Exercise prompt:
Once the line containing "Some of the words" is found, copy it and each subsequent line exactly. Stop at the end of the records below.

══ The records ══

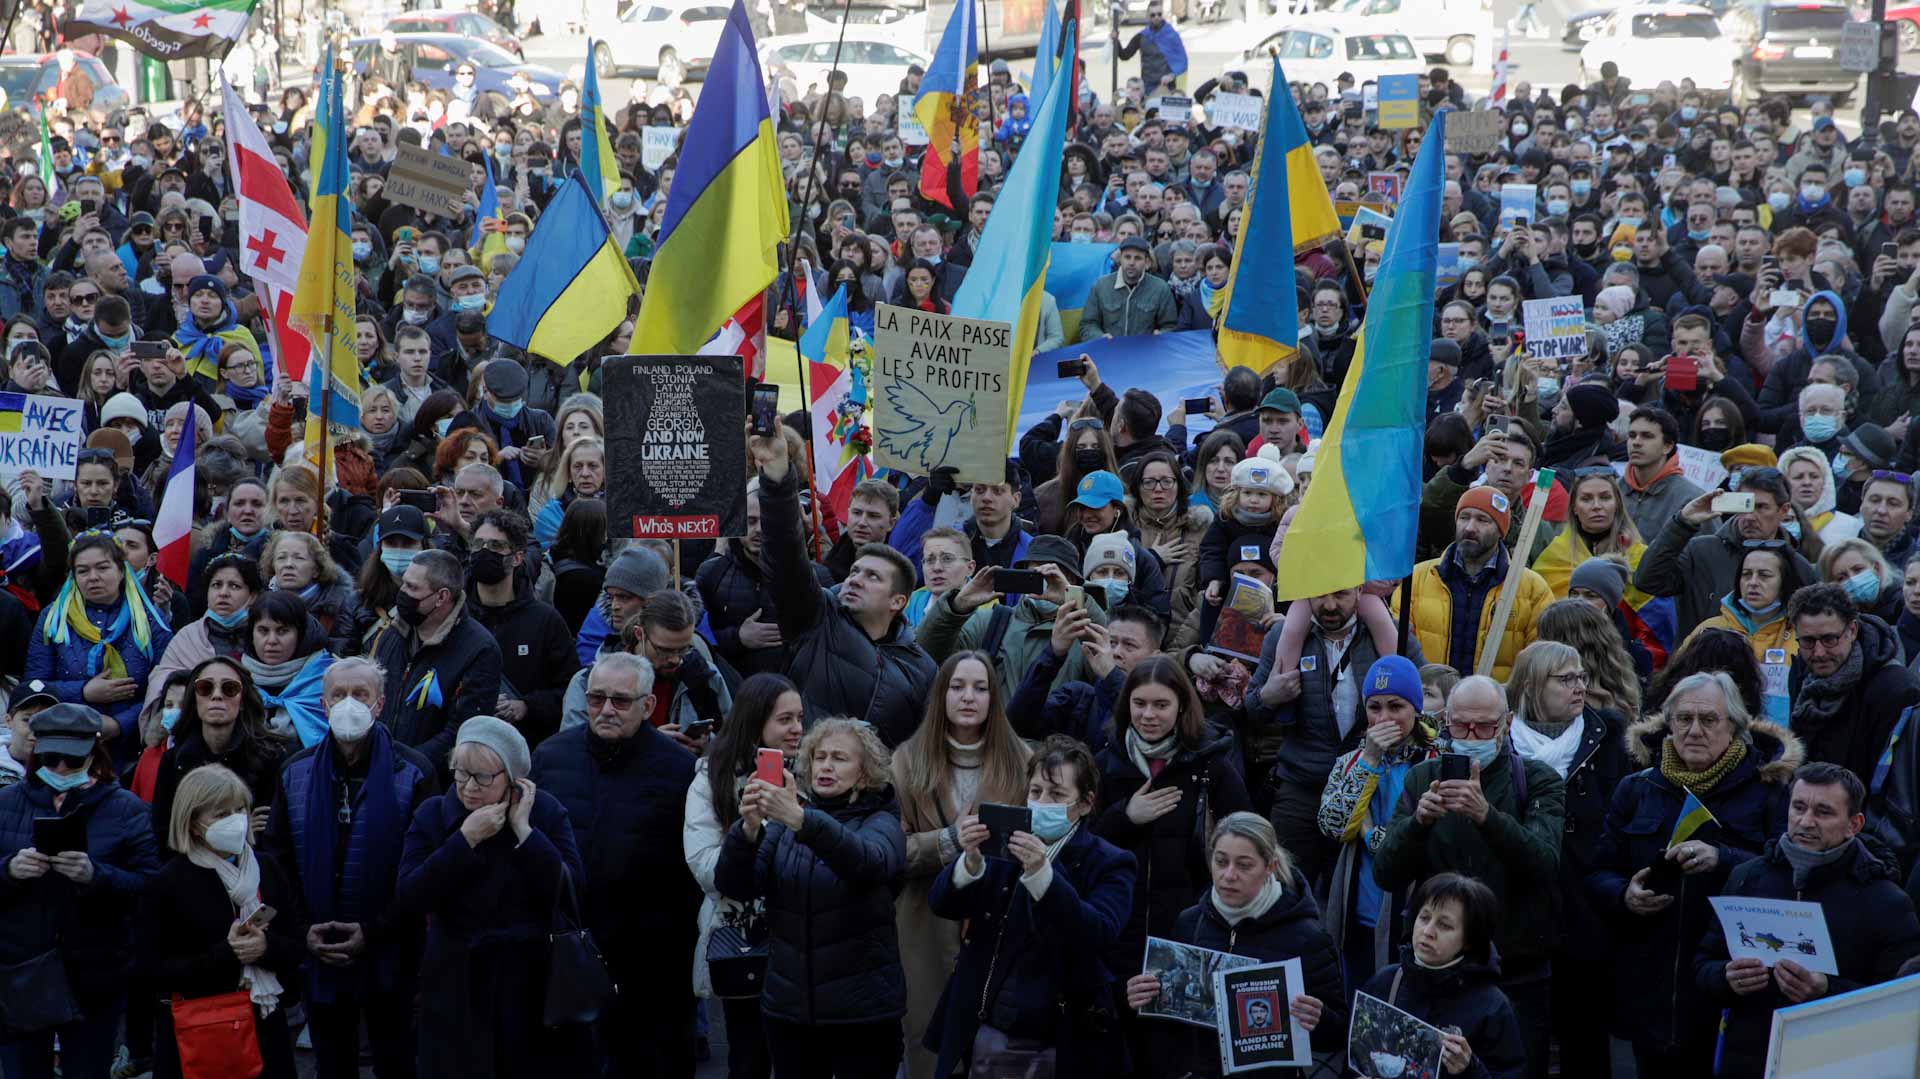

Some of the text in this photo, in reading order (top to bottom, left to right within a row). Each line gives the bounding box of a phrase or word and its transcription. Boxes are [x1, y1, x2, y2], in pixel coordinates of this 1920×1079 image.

[877, 309, 1010, 348] LA PAIX PASSE
[910, 341, 972, 366] AVANT
[1527, 336, 1587, 358] STOP WAR!
[882, 357, 1002, 392] LES PROFITS
[24, 401, 78, 433] AVEC
[647, 418, 704, 431] GEORGIA
[642, 430, 705, 444] AND NOW
[641, 444, 710, 460] UKRAINE
[638, 517, 674, 534] Who's
[1231, 979, 1280, 990] STOP RUSSIAN
[1234, 1033, 1289, 1047] HANDS OFF
[1240, 1041, 1285, 1053] UKRAINE
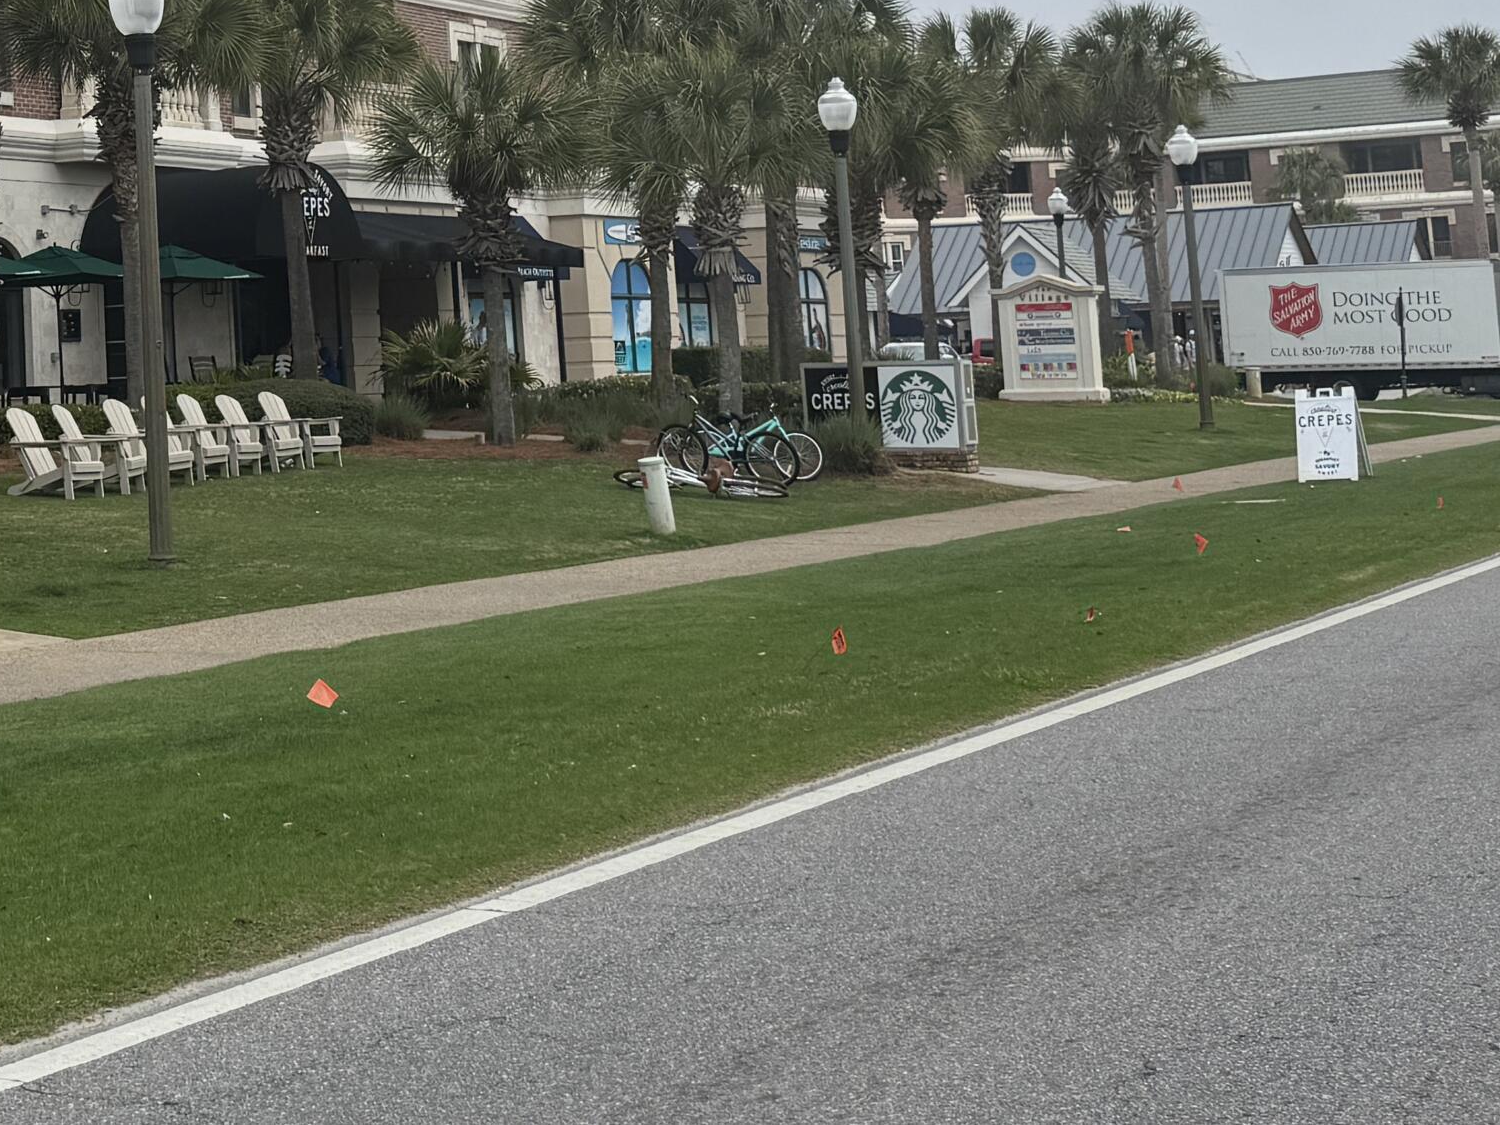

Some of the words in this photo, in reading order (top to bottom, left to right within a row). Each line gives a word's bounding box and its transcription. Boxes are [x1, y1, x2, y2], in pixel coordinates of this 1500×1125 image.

[303, 196, 330, 217] EPES
[1278, 288, 1297, 305] THE
[1402, 290, 1442, 305] THE
[1273, 290, 1315, 324] SALVATION
[1290, 305, 1314, 330] ARMY
[1333, 309, 1386, 324] MOST
[1270, 347, 1299, 357] CALL
[1408, 343, 1453, 355] PICKUP
[811, 392, 875, 410] CREPS
[1298, 413, 1353, 427] CREPES

═══

Task response:
Some of the words in this photo, in reading order (top to bottom, left to right within a row). Each line gives a word's bounding box and its transcription. Boxes are [x1, y1, x2, y2], in pixel coordinates of this 1500×1125 image.

[303, 196, 330, 217] EPES
[1278, 288, 1297, 305] THE
[1402, 290, 1442, 305] THE
[1273, 290, 1315, 324] SALVATION
[1290, 305, 1314, 330] ARMY
[1333, 309, 1386, 324] MOST
[1270, 347, 1299, 357] CALL
[1408, 343, 1453, 355] PICKUP
[811, 392, 875, 410] CREPS
[1298, 413, 1353, 427] CREPES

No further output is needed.